Distributed Delayed Stochastic Optimization

TL;DR

This paper analyzes the convergence of delayed stochastic gradient algorithms in distributed settings, showing delays are negligible for smooth problems and proposing methods to overcome communication bottlenecks, achieving optimal convergence rates.

Contribution

It demonstrates that delays in distributed stochastic optimization are asymptotically negligible for smooth problems and develops algorithms that attain optimal convergence despite asynchrony.

Findings

Delays do not affect asymptotic convergence in smooth stochastic problems.
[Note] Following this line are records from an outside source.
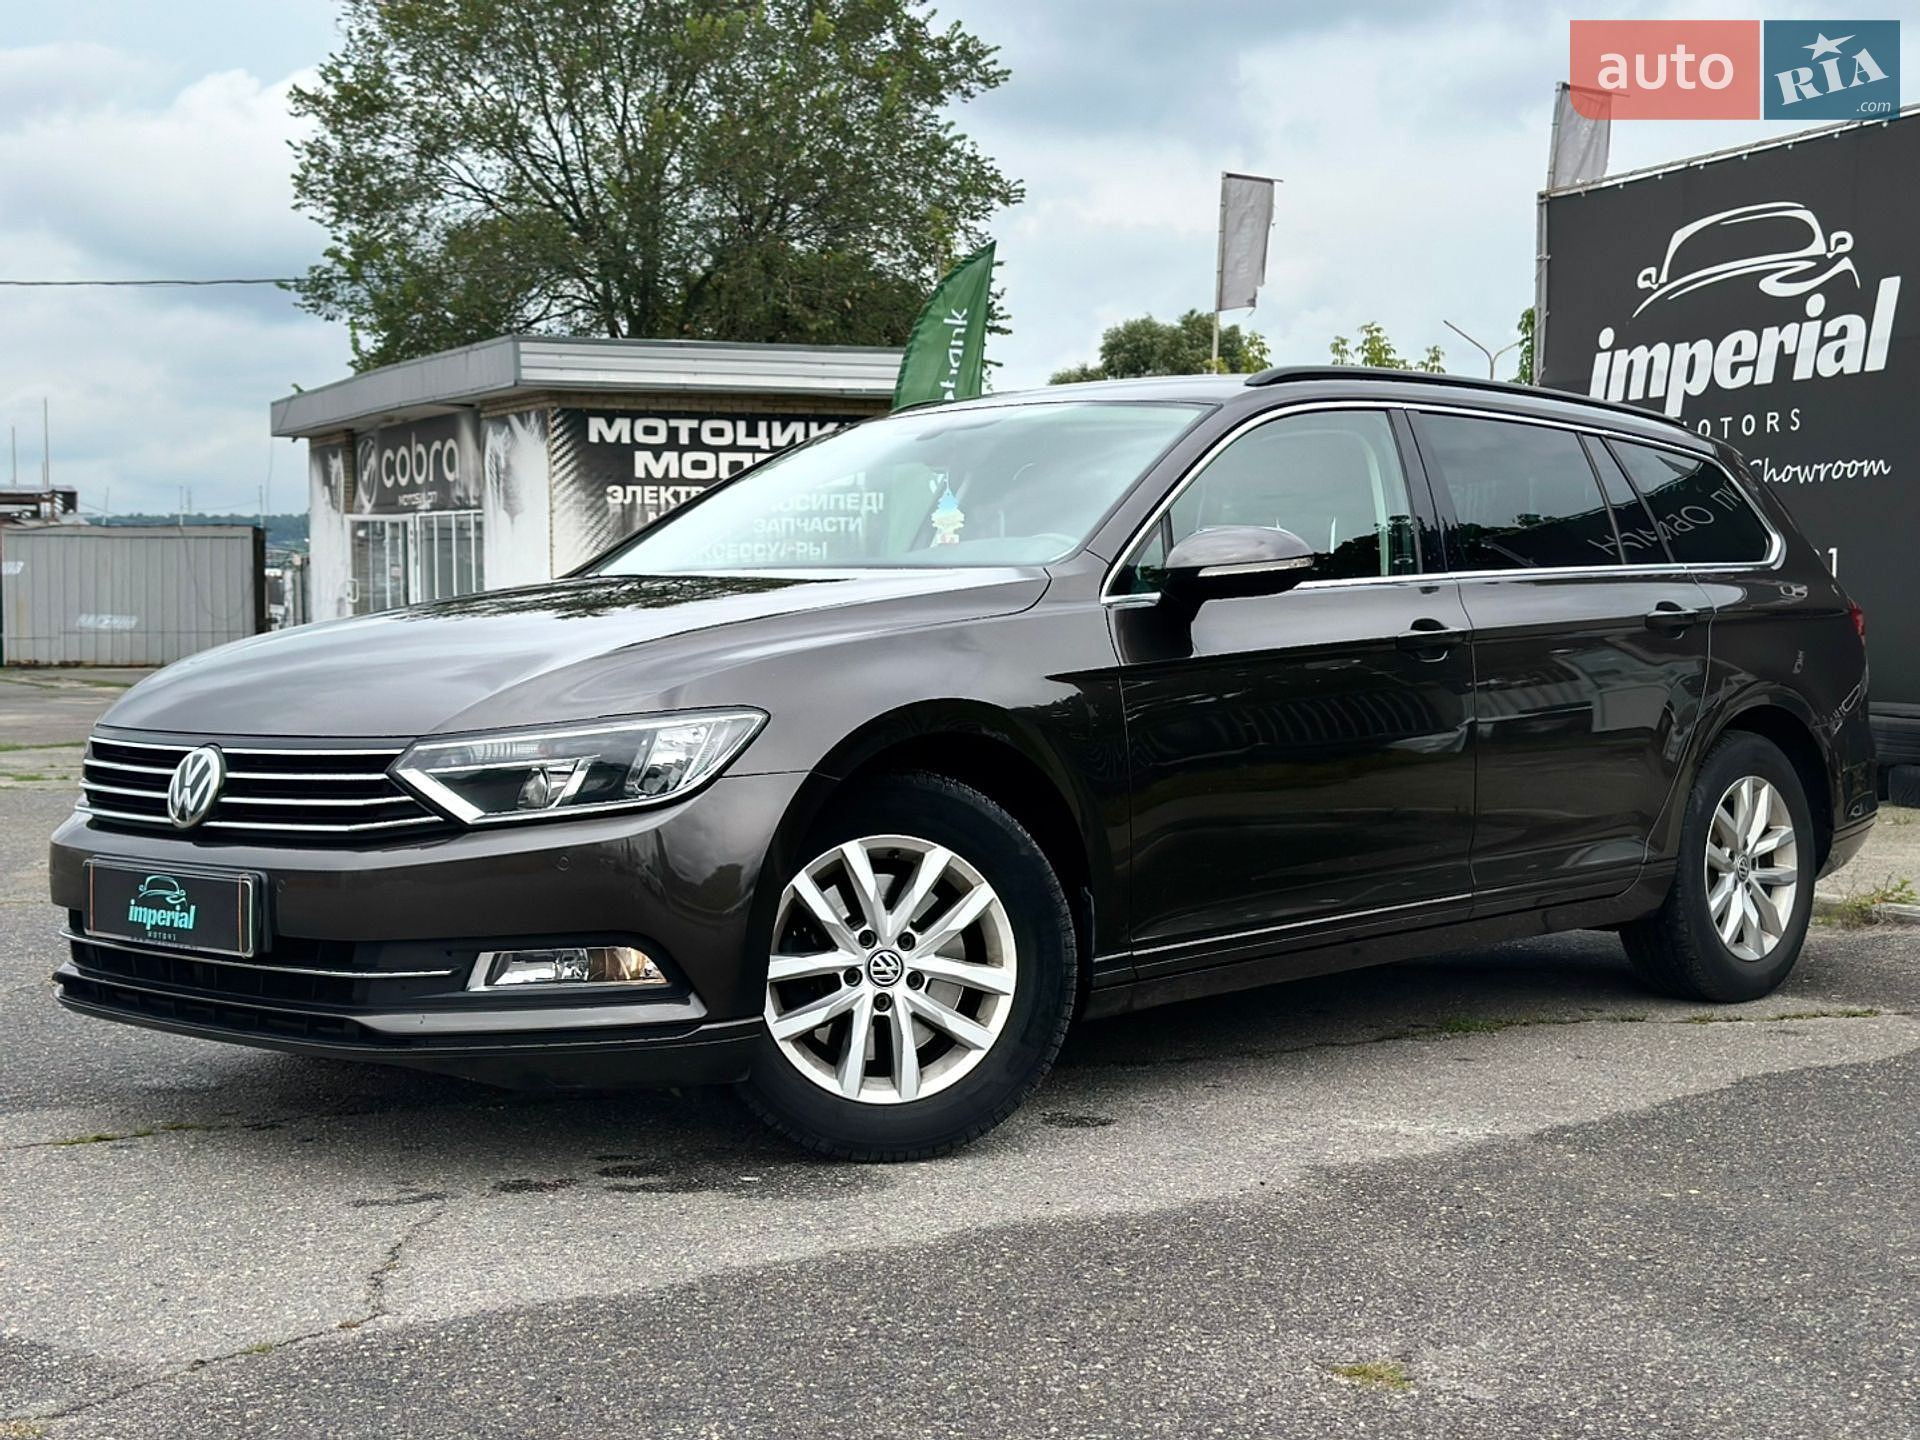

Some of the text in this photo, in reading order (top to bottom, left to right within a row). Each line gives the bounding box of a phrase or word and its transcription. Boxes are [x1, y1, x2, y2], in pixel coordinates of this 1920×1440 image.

[1588, 275, 1901, 418] imperial
[588, 417, 848, 450] МОТОЦИК
[1684, 408, 1801, 439] OTORS
[382, 431, 460, 488] cobra
[634, 451, 777, 480] МОП
[128, 898, 196, 930] imperial
Distributed algorithms can achieve the optimal rate of 1/√(nT) despite delays.

Proposed methods improve communication efficiency in distributed optimization.

Abstract

We analyze the convergence of gradient-based optimization algorithms that base their updates on delayed stochastic gradient information. The main application of our results is to the development of gradient-based distributed optimization algorithms where a master node performs parameter updates while worker nodes compute stochastic gradients based on local information in parallel, which may give rise to delays due to asynchrony. We take motivation from statistical problems where the size of the data is so large that it cannot fit on one computer; with the advent of huge datasets in biology, astronomy, and the internet, such problems are now common. Our main contribution is to show that for smooth stochastic problems, the delays are asymptotically negligible and we can achieve order-optimal convergence results. In application to distributed optimization, we develop procedures that overcome communication bottlenecks and synchronization requirements. We show $n$-node architectures whose optimization error in stochastic problems---in spite of asynchronous delays---scales asymptotically as $\order(1 / \sqrt{nT})$ after $T$ iterations. This rate is known to be optimal for a distributed system with $n$ nodes even in the absence of delays. We additionally complement our theoretical results with numerical experiments on a statistical machine learning task.